__TASK TO COMPLETE__
An exact copy of every record below is required, with the pictures left out.
◇ ◇ ◇ ◇ ◇
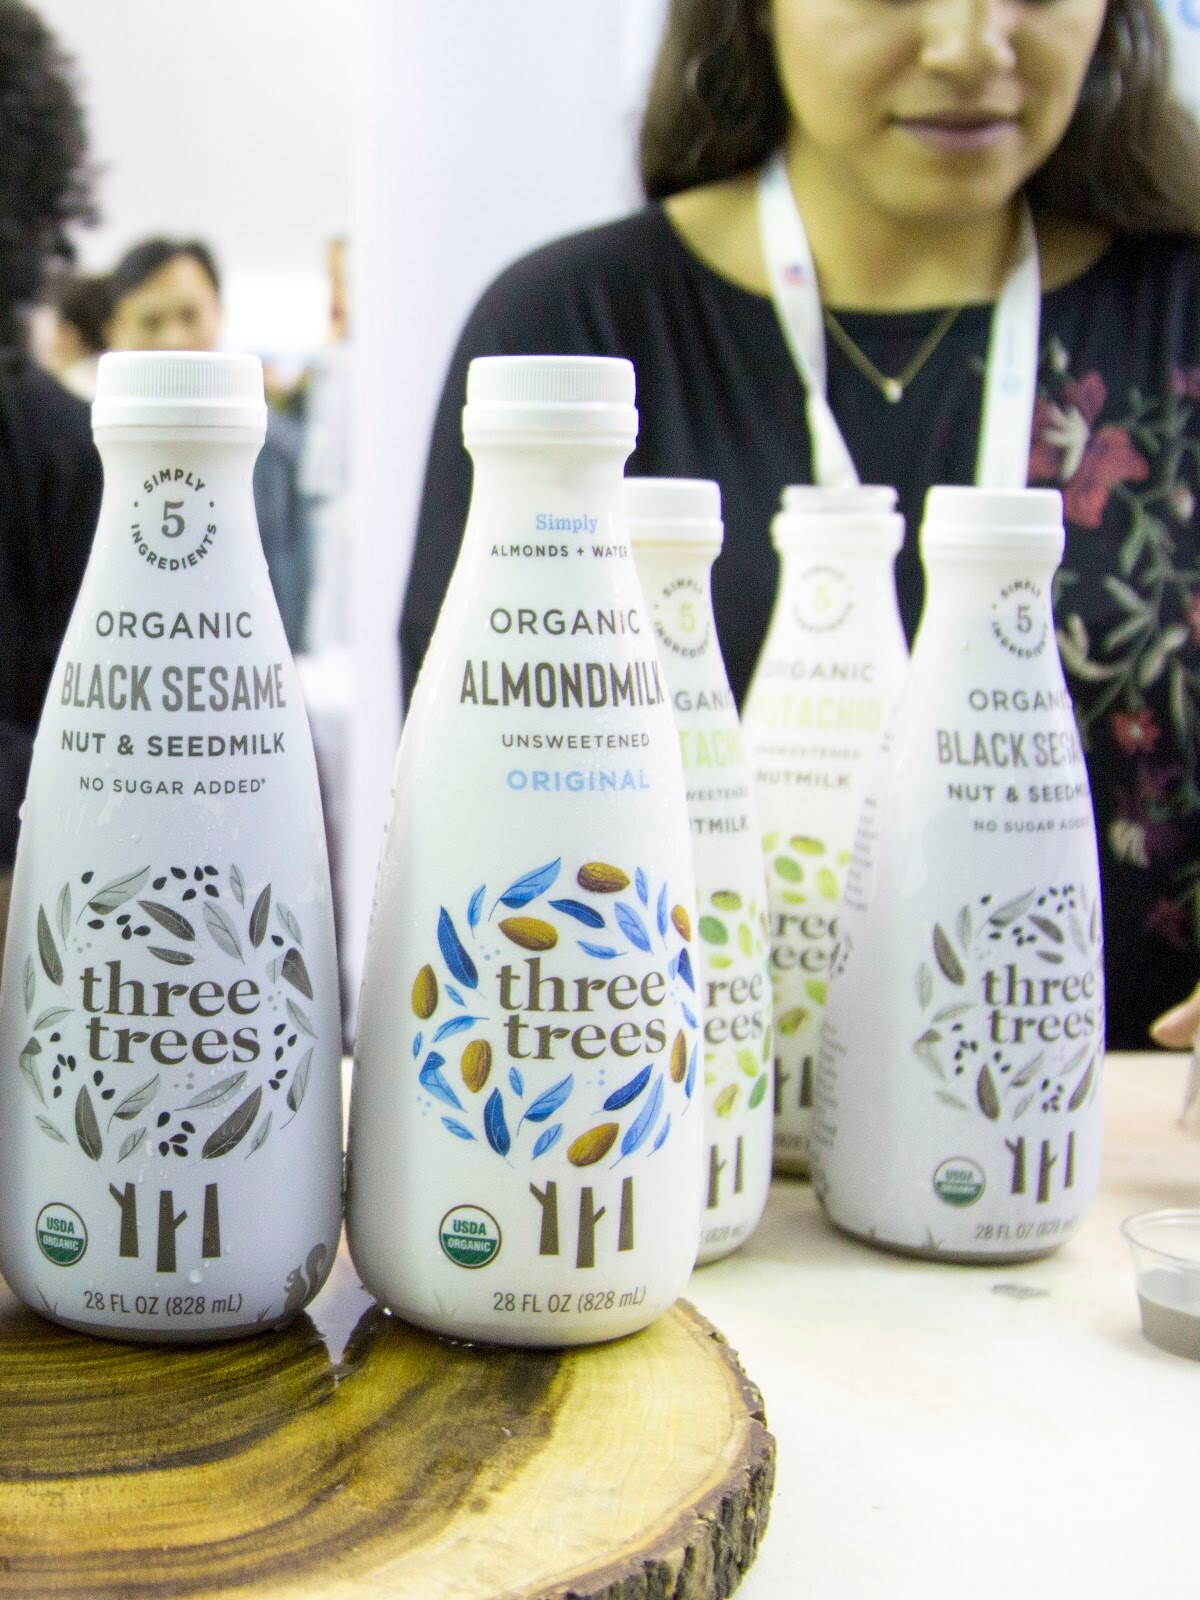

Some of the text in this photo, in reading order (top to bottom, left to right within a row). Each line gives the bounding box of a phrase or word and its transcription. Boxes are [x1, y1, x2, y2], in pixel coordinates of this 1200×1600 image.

[144, 468, 206, 493] SIMPLY
[161, 501, 185, 538] 5
[536, 514, 598, 534] Simply
[131, 524, 216, 571] INGREDIENTS
[491, 545, 628, 558] ALMONDS + WATER
[96, 610, 252, 639] ORGANIC
[490, 608, 640, 635] ORGANIC
[679, 603, 696, 633] 5
[1015, 604, 1032, 634] 5
[61, 660, 286, 712] BLACK SESAME
[460, 659, 665, 708] ALMONDMILK
[62, 730, 285, 757] NUT & SEEDMILK
[502, 734, 649, 748] UNSWEETENED
[936, 727, 1031, 768] BLACK
[80, 777, 104, 792] NO
[113, 780, 184, 795] SUGAR
[507, 769, 650, 792] ORIGINAL
[948, 783, 996, 802] NUT
[1006, 784, 1020, 804] &
[974, 817, 998, 832] NO
[1004, 817, 1056, 833] SUGAR
[80, 960, 261, 1017] three
[496, 958, 665, 1012] three
[706, 973, 763, 1009] ree
[982, 963, 1094, 1006] three
[504, 1015, 667, 1059] trees
[704, 1010, 763, 1045] ees
[989, 1008, 1094, 1044] trees
[86, 1017, 261, 1065] trees
[46, 1217, 75, 1234] USDA
[453, 1220, 486, 1236] USDA
[975, 1225, 995, 1240] 28
[43, 1235, 79, 1252] ORGANIC
[447, 1237, 491, 1253] ORGANIC
[84, 1290, 242, 1317] 28 FL OZ (828 mL)
[493, 1287, 647, 1313] 28 FL OZ (828 mL)
◇ ◇ ◇ ◇ ◇
__OUTPUT OF THE EXERCISE__
Some of the text in this photo, in reading order (top to bottom, left to right within a row). Each line gives the bounding box of a phrase or word and its transcription. Boxes are [x1, y1, x2, y2], in pixel coordinates of this 1200×1600 image.

[144, 468, 206, 493] SIMPLY
[161, 501, 185, 538] 5
[536, 514, 598, 534] Simply
[131, 524, 216, 571] INGREDIENTS
[491, 545, 628, 558] ALMONDS + WATER
[96, 610, 252, 639] ORGANIC
[490, 608, 640, 635] ORGANIC
[679, 603, 696, 633] 5
[1015, 604, 1032, 634] 5
[61, 660, 286, 712] BLACK SESAME
[460, 659, 665, 708] ALMONDMILK
[62, 730, 285, 757] NUT & SEEDMILK
[502, 734, 649, 748] UNSWEETENED
[936, 727, 1031, 768] BLACK
[80, 777, 104, 792] NO
[113, 780, 184, 795] SUGAR
[507, 769, 650, 792] ORIGINAL
[948, 783, 996, 802] NUT
[1006, 784, 1020, 804] &
[974, 817, 998, 832] NO
[1004, 817, 1056, 833] SUGAR
[80, 960, 261, 1017] three
[496, 958, 665, 1012] three
[706, 973, 763, 1009] ree
[982, 963, 1094, 1006] three
[504, 1015, 667, 1059] trees
[704, 1010, 763, 1045] ees
[989, 1008, 1094, 1044] trees
[86, 1017, 261, 1065] trees
[46, 1217, 75, 1234] USDA
[453, 1220, 486, 1236] USDA
[975, 1225, 995, 1240] 28
[43, 1235, 79, 1252] ORGANIC
[447, 1237, 491, 1253] ORGANIC
[84, 1290, 242, 1317] 28 FL OZ (828 mL)
[493, 1287, 647, 1313] 28 FL OZ (828 mL)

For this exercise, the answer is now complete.